### WORK INSTRUCTION:
Copy every entry exactly as it stands, though any image it holds should stay out of the copy.

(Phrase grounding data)
-- -- --

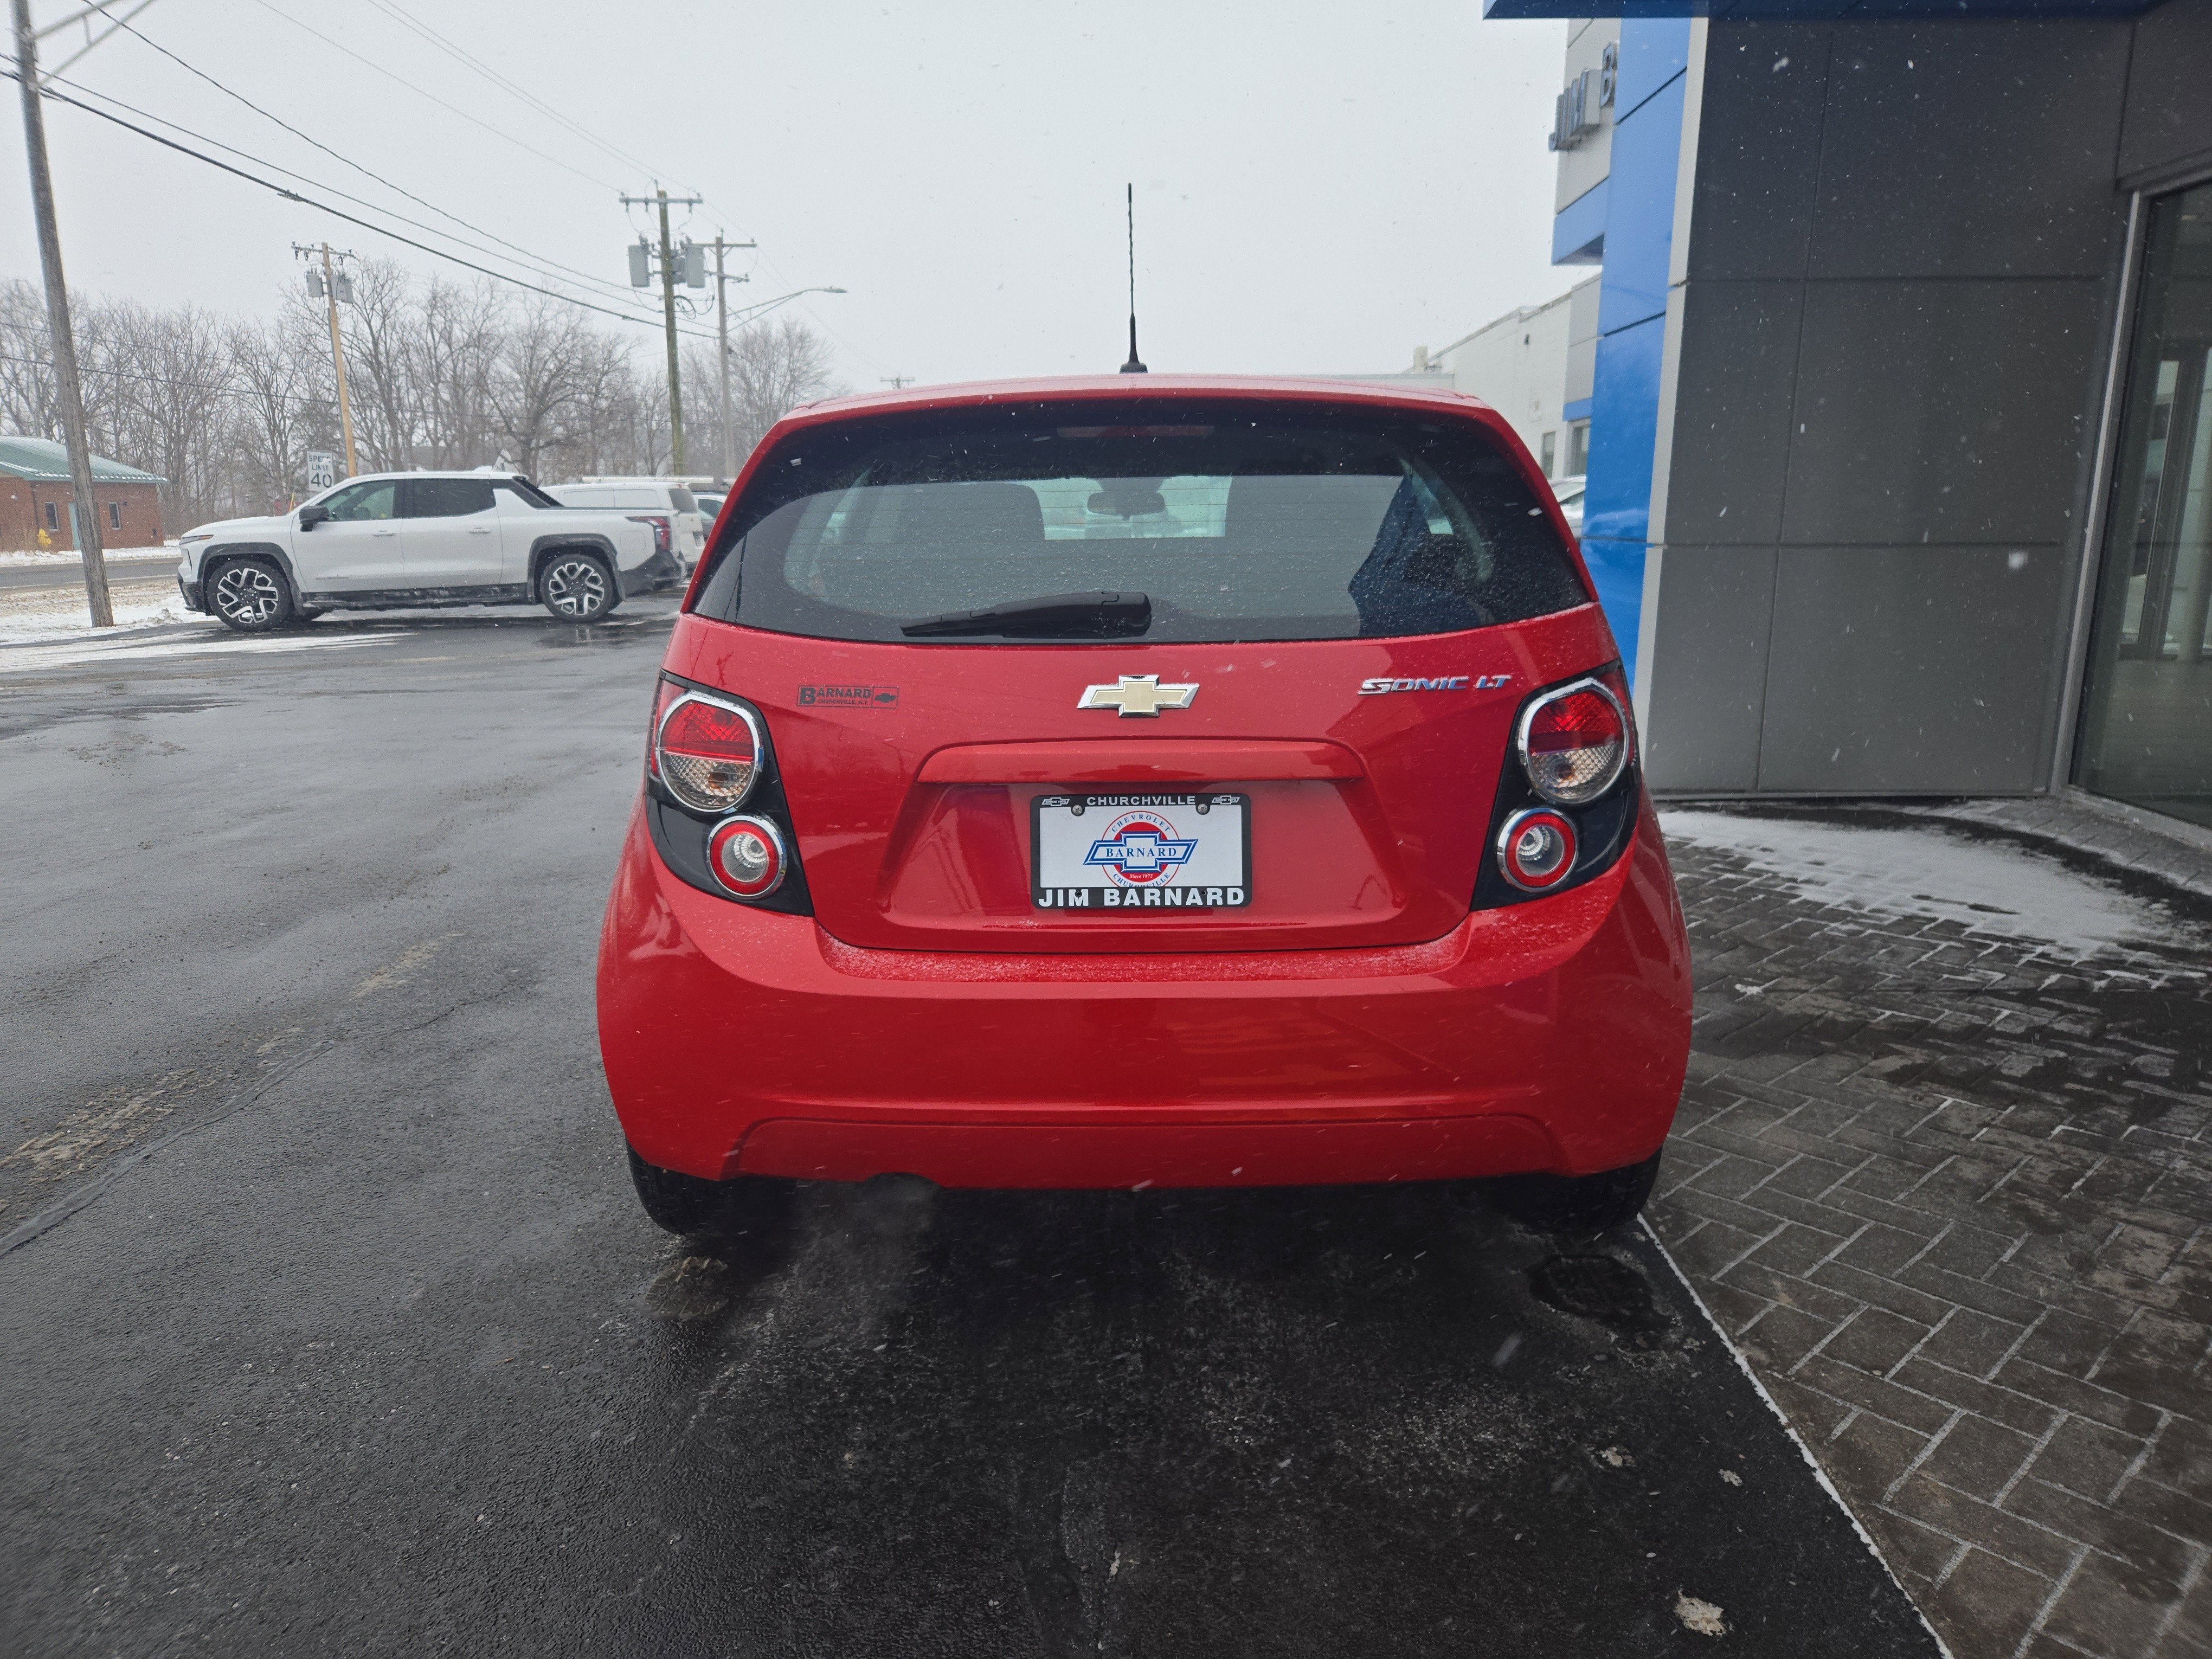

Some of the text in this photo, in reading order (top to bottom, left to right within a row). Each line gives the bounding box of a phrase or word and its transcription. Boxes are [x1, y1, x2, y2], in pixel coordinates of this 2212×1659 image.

[311, 473, 332, 488] 40
[1358, 674, 1512, 695] SONIC LT
[800, 687, 871, 705] BARNARD
[1086, 795, 1196, 806] CHURCHVILLE
[1111, 814, 1171, 832] CHEVROLET
[1105, 847, 1177, 857] BARNARD
[1038, 888, 1244, 907] JIM BARNARD

-- -- --

### RESPONSE FOR THIS EXERCISE:
Some of the text in this photo, in reading order (top to bottom, left to right within a row). Each line gives the bounding box of a phrase or word and its transcription. Boxes are [x1, y1, x2, y2], in pixel coordinates of this 2212×1659 image.

[311, 473, 332, 488] 40
[1358, 674, 1512, 695] SONIC LT
[800, 687, 871, 705] BARNARD
[1086, 795, 1196, 806] CHURCHVILLE
[1111, 814, 1171, 832] CHEVROLET
[1105, 847, 1177, 857] BARNARD
[1038, 888, 1244, 907] JIM BARNARD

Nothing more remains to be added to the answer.